Those with sensitive skin may want to use caution when using soap bars or skin products with cinnamon.

The cinnamon plant is commonly cultivated for its culinary spice. It’s also used for a wide range of medicinal and cosmetic purposes. Cinnamon has antibacterial properties, antifungal properties, and acts as a stimulant.

Read on to learn more about how to use cinnamon in handmade soaps, the two main types of cinnamon essential oils, and a cinnamon soap recipe.

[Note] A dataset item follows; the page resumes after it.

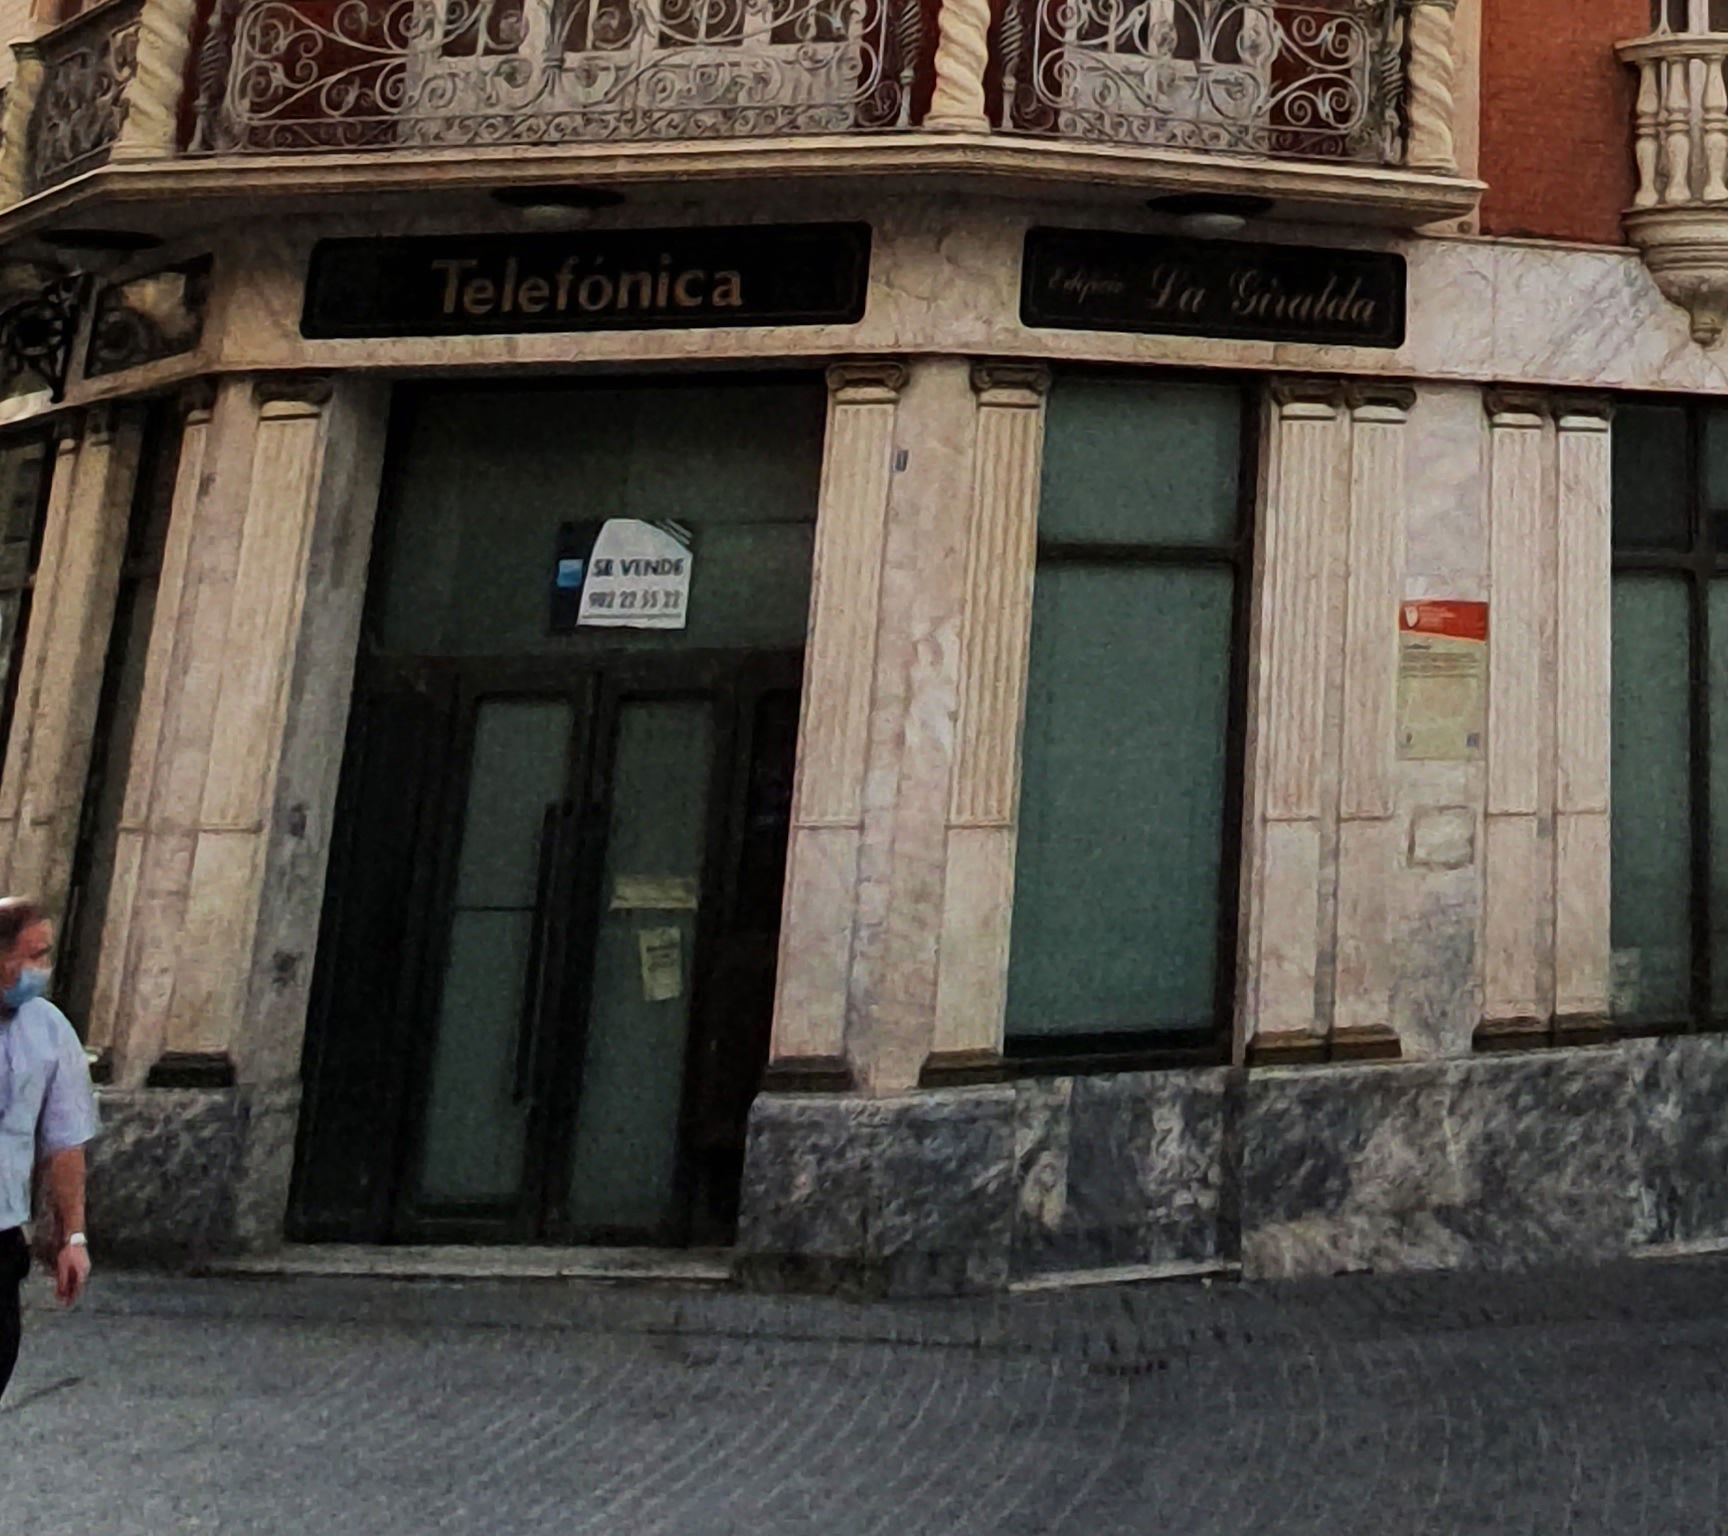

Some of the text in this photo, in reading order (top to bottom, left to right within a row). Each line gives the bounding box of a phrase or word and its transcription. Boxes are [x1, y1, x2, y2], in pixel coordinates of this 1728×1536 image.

FlickrBHL_ Cinnamon In Soap_Cinnamomum Zeylanicum_illustration
Illustration of Ceylon cinnamon (Cinnamomum Zeylanicum).
Credit: Biodiversity Heritage Library / Flickr

A closer look at the cinnamon plant

The cinnamon plant, also known as Ceylon cinnamon (Cinnamomum zeylanicum), or true cinnamon (Cinnamomum verum) is an evergreen tree that belongs to the laurel family. This tree is native to Sri Lanka, India, Myanmar, and is now cultivated in parts of the West Indies and South America.¹

The popular cinnamon spice is produced from the dried inner bark, which is coveted for its aromatic properties and sweet yet earthy taste.

There are many relatives of the Ceylum cinnamon plant, with a common one being Chinese cassia (Cinnamomum cassia). If you have cinnamon sticks or ground cinnamon in your spice cupboard, chances are it’s from the cassia tree.

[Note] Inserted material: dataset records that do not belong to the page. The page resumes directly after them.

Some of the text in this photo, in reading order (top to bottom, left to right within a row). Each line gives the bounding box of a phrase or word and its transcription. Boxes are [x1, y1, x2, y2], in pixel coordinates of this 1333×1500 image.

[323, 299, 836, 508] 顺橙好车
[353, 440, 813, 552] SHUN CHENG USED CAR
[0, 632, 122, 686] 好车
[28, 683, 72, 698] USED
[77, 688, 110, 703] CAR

There are other tree relatives including Indonesian cinnamon (C. burmannii), Malabar cinnamon (C. citriodorum), and Vietnamese cinnamon (C. loureiroi).¹

Cinnamon essential oil is derived from both the bark and the leaf, with each having distinct properties (which we’ll go into more detail below).

Here’s a fun fact—at one point in time, cinnamon was worth more than gold. In ancient Egypt, they used it for embalming rituals and other cultural traditions.¹

VectorState_Cinnamon In Soap1
Whole cinnamon sticks can add a nice decorative touch to cinnamon soap.
Credit: Vector State

Why use cinnamon in soap? Here’s how to create cinnamon scented soap safely

Typically, cinnamon in soap is used in two forms: as a ground powder, or as an essential oil. To get a lovely cinnamon scented soap, you’ll need to use a cinnamon essential oil (the scent from ground cinnamon alone is not enough to carry through to the finished soap when doing cold process soap making).

Is cinnamon essential oil safe for soap?

You may have heard warnings against using cinnamon directly on skin. To a certain extent, this is true, but a more accurate statement as it pertains to soap making and skin care is, “Don’t use too much cinnamon powder or cinnamon essential oils.”

Cinnamon is an intense spice and, when used in large amounts, becomes overpowering. With cinnamon essential oils, less is more.

Both the ground powder, and especially the essential oils, need to be handled with care. Only add small amounts to a batch of soap. It’s recommended that you wear gloves when handling cinnamon for soap, as it can irritate the skin.

If you’ve ever accidentally sniffed or ingested too much cinnamon powder, you know it’s potent stuff. I recently made my daughter a cup of eggnog and added a dash of cinnamon to the top. Normally I would mix it in, but this time I forgot. She took one sip and had a coughing fit. My bad!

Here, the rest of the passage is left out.